За исключением учености, признаваемой всеми, сам Академ не обладал каким-либо заметным достатком.
– И мнение свое, – продолжал Тезей, – народ бу­дет выражать на народном собрании не ревом, где главное перекричать противную сторону, а так, чтобы голоса посчитать можно было. Скажем, по поднятым рукам.
– Фу, – поморщился Мусей, – лучше уж камешки считать.
 – Или черепки, – добавила Лаодика.
Битой посуды всегда хватало в Афинах.
– А как же все это будет называться? – недоумевал Академ.
– Голосованием, – сразу же нашлась Лаодика.
– Почему? – продолжал недоумевать Академ.
– Не почему, а зачем, – пояснила Лаодика. – Чтобы недавние крикуны не забывали, чем они зани­маются.
– А почему молчит мудрый Тимон? – спохватился вдруг Тезей.
Тимон, сидевший, кажется, безучастным, сердито вскинулся:
– Люди одинаковы...
– Вот-вот, – оживился Академ, но еще и для того, чтобы Тимон дальше не продолжал.
Однако Тимон отстранил его резким жестом.
– Люди одинаковы, – продолжал он уже спо­койней, – потому что одинаково отделились от приро­ды. Я не знаю разницы между знатным богачом и ре­месленником. Посмотрите на лесное зверье, на птиц в небе. Им не нужен врач, им не нужно напридуманной пищи.
– Предложи птицам сладкий пряник, Тимон, – улыбнулся Мусей.
Это поддало Тимону жару, и он опять стал горя­читься.
– Тут-то и есть соблазн, – вскипел Тимон. – Из нас никто не хозяин себе, никто не умеет быть самим собой. Все стремятся стать похожими на поднаторев­ших в поисках удовольствий сластен. Никто из нас не самостоятелен, все рабы, как мухи, летят в паутину богатств. И знаешь, – обратился Тимон к Тезею, – чем кончится твоя затея?
– Чем? – спросил Тезей.
– Они украдут у тебя власть, которую ты им да­ришь и которой владеешь по праву, и отдадут тебе ее обратно, но уже не как твое. И станешь ты деспотом.
– Я и так царь, – возразил Тезей, – я доброволь­но отдаю власть. Я не стану деспотом.
– Тогда им станет кто-то другой, – заявил Тимон. – Тот, который будет много хуже тебя. Поскольку он-то не откажется.               
– Что же ты предлагаешь, Тимон? – спросил Тезей.
– Ничего, – ответил Тимон, – себе я уже предло­жил.
– Что же ты предложил себе? – продолжал допы­тываться Тезей.
– Я строю башню, – нехотя пояснил Тимон. – Удалюсь туда от всех вас.
– То, что ты строишь, будет башней? – в свою очередь удивился Академ.
– Ты что-нибудь имеешь против? – хмуро повер­нулся к нему Тимон.
– Нет, нет, чего сердишься. – Академ был пора­жен услышанным. – Лично я не собираюсь строить такой башни, друг Тимон. Но понять-то мы друг друга можем… Почему ты не позволяешь мне удивиться?

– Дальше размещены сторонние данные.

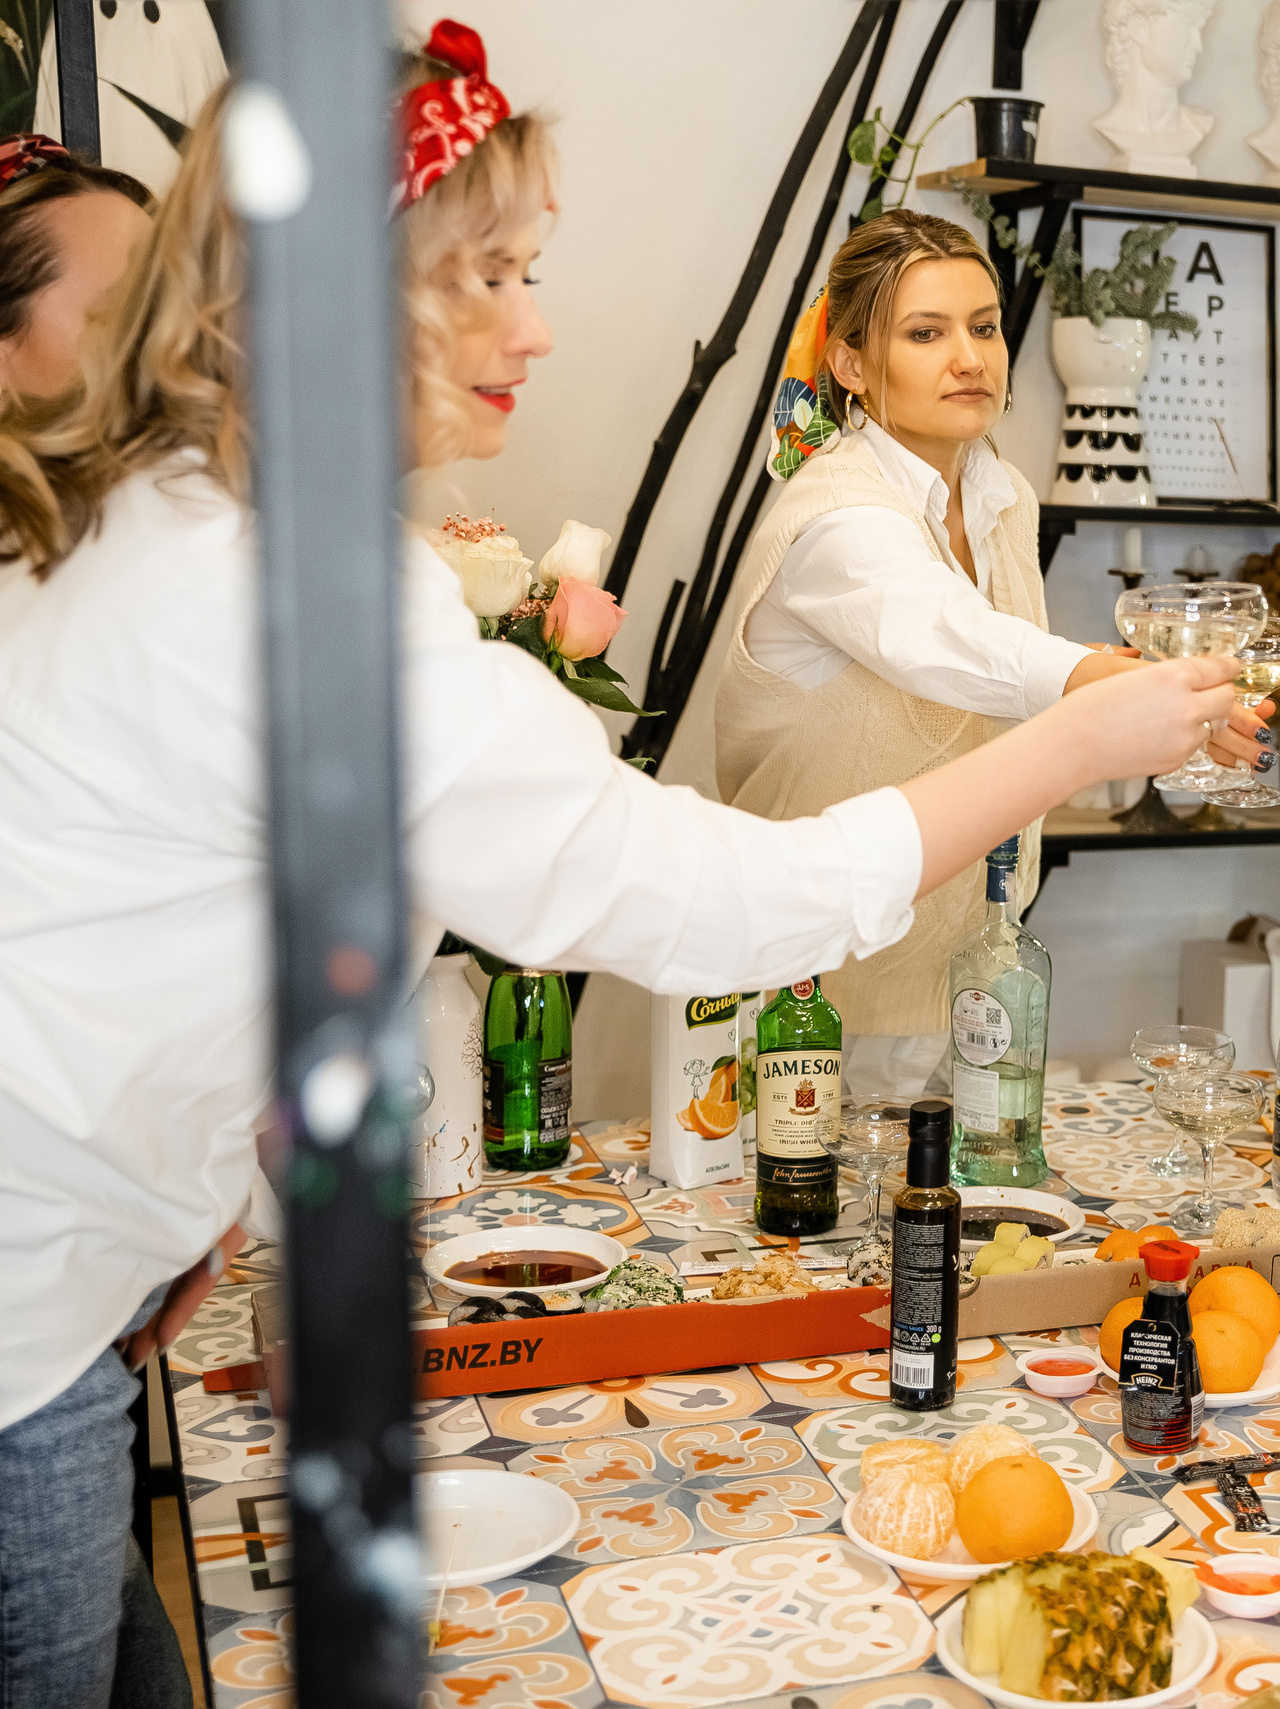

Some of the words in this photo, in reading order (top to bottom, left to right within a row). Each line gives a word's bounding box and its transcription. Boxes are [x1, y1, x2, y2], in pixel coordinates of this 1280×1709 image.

[763, 1058, 841, 1080] JAMESON
[705, 1163, 731, 1174] АПЕЛЬСИН
[925, 1324, 937, 1333] 300
[1133, 1340, 1168, 1349] ТЕХНОЛОГИЯ
[1128, 1347, 1171, 1357] ПРОИЗВОДСТВА
[1134, 1355, 1176, 1365] КОНСЕРВАНТОВ
[1135, 1376, 1159, 1387] HEINZ

А Тезей, глядя на Тимона, почему-то вспомнил Скирона, которого пришлось ему убить под Элевсином и который тоже настаивал на простоте внегород­ской жизни первородного братства и на святости быта предков.

Когда гости ушли, Лаодика вдруг вздохнула:
– Академ говорит, что мы можем понять друг друга... Но если наше разномыслие передастся когда-нибудь тем, кто у подножья Акрополя, толпам, сколько может пролиться крови...
Тезей в эту ночь заснул сразу. Сказалось, верно, возбуждение, напряжение на совете. Однако среди но­чи Тезей также мгновенно и пробудился. Может, тоже от дневного напряжения, но и еще от чего-то. Сон слетел с него, как слетает   покрывало, сорванное со спящего. Надо было идти. По крайней мере, оставать­ся в помещении не хотелось. Тезей поднялся, покинул дворец, пересек площадку Акрополя, спустился вниз и через ворота, где почему-то не обнаружилось никаких признаков охраны, вышел в Нижний город. Он дви­нулся не прямо, в сторону Ареопага, а свернул, или, лучше сказать, соскользнул по извилистой земляной лесенке налево, к старому храму Диониса. Пройдя еще немного, он оглянулся и увидел освещенную лучами луны маску Горгоны-Медузы на стене Акрополя. «Береги меня», – почему-то попросил Тезей без слов эту маску, отгоняющую невзгоды. Миновав пещеру, уходящую в толщу царственного холма, и храм Фемиды, Тезей вышел к святилищу Асклепия, где неви­димый во тьме внятно и беспечно шумел источник.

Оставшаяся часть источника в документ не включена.